We have firm plans to retire three large coal plants — in River Rouge, Trenton and St. Clair — by 2022. These plants represent nearly 2,000 megawatts or about 20 percent of our peak energy needs. To help backfill those retirements, in addition to our investments in renewables, we are building one of the most efficient natural gas plants in the country. It will emit about 70 percent less carbon per kilowatt hour than the three retiring coal plants and generate 1,000 megawatts of electricity, which is vital to maintaining reliability in our state as we continue to retire coal plants.
When these steps are completed in the early 2020s, DTE’s carbon emissions will be down about 35 percent, on the path to our commitment of 50 percent by 2030 and 80 percent by 2040. (It is worth noting that Obama’s Clean Power Plan required that DTE lower its emissions 32 percent by 2030 — well below our 50 percent commitment.)
By 2040, DTE will be coal-free.
The Sierra Club’s opinion piece claims that our future plans hinge on building a second natural gas plant. That is a misrepresentation. Our recently filed Integrated Resource Plan (IRP) proposed four future scenarios; the Sierra Club chose to talk about only two.
Two of our future scenarios include no new gas plant and rely entirely on additional renewable investments and increased energy efficiency spending.
Two other scenarios include varying levels of both additional renewable and gas investments, along with expanded energy efficiency.
A gas plant will be added only if essential for reliability — our preferred path would be to add renewables only.

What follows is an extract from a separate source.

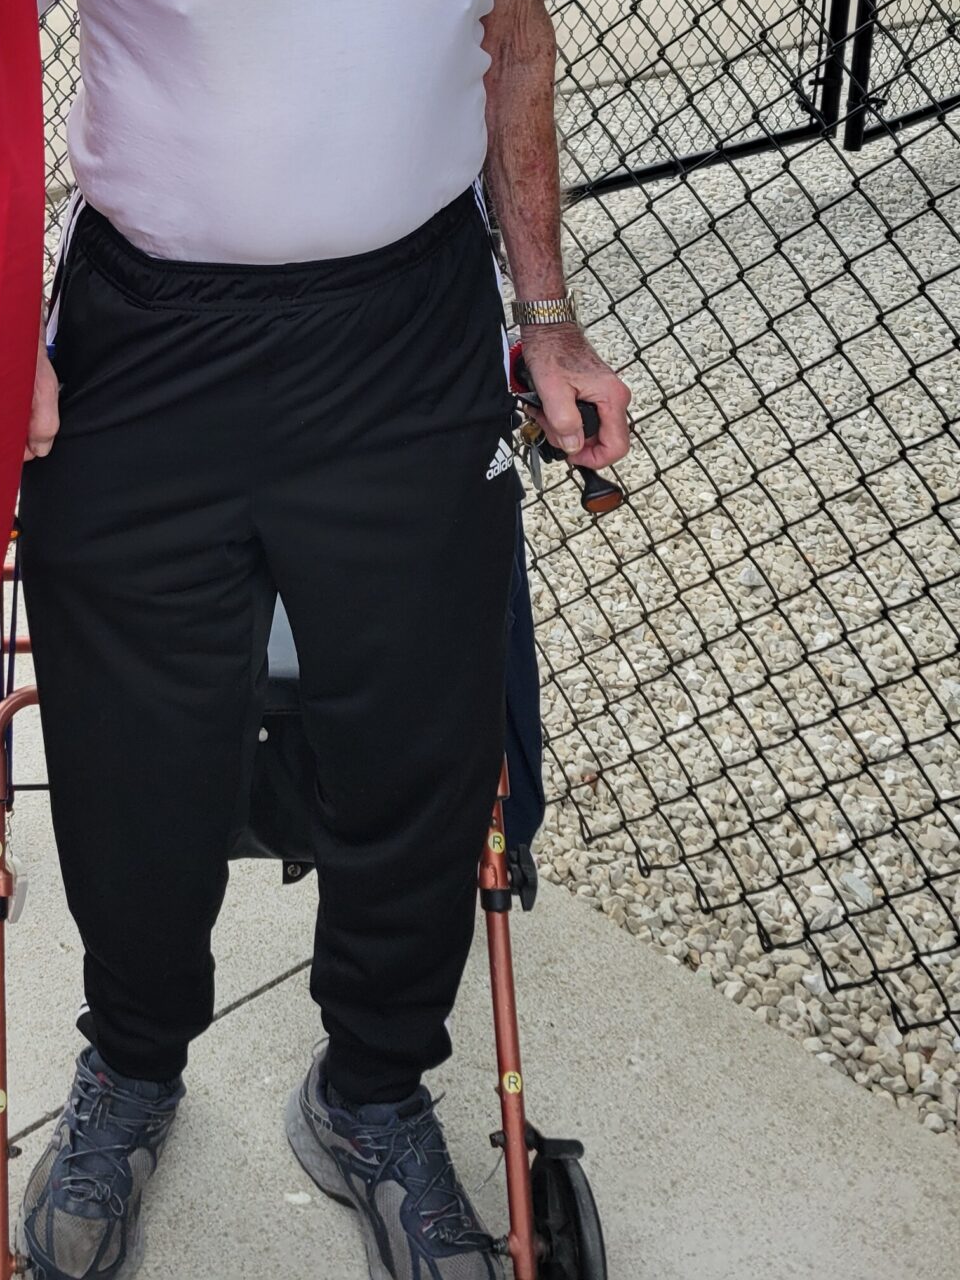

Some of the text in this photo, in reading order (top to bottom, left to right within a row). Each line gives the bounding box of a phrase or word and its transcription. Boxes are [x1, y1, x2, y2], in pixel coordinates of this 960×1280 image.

[486, 456, 513, 480] adida
[493, 835, 503, 849] R
[508, 1075, 519, 1090] R

All four scenarios meet our carbon reduction targets. We offered four options in the interest of open, transparent dialogue with the Michigan Public Service Commission (MPSC) and other interested parties. Technology is evolving quickly, and options give us the ability to be flexible in an uncertain future. By highlighting only selected scenarios, the Sierra Club opinion piece chose a more divisive route.
A key feature of the IRP process is that it is iterative, meaning DTE will update its plan every three to five years. Energy production has entered a highly transformative era. We have no intention — indeed, it would be exceedingly unwise — to lock in decisions today about important investments 10, 15 or 20 years into the future. Together we will choose what is best for our state and region. Solutions will be based on the best available information in the future about a host of important factors, including environmental imperatives, evolving renewable cost structures, technology advancements and state and regional reliability requirements.
DTE is committed to its communities — to creating jobs for the people who live in them and to providing the clean, reliable and affordable energy they need to thrive. Our power generation transformation is both an aggressive carbon reduction plan and rooted in reality.
Climate change is one of the defining public policy issues of our time. We are fully committed to doing our part to address it; we know that is our responsibility. As we do that, we hope that Michigan can be an example of how such critical policy issues should be addressed: by finding common ground that supports real solutions rather than by intentionally seeking to cast issues in divisive terms.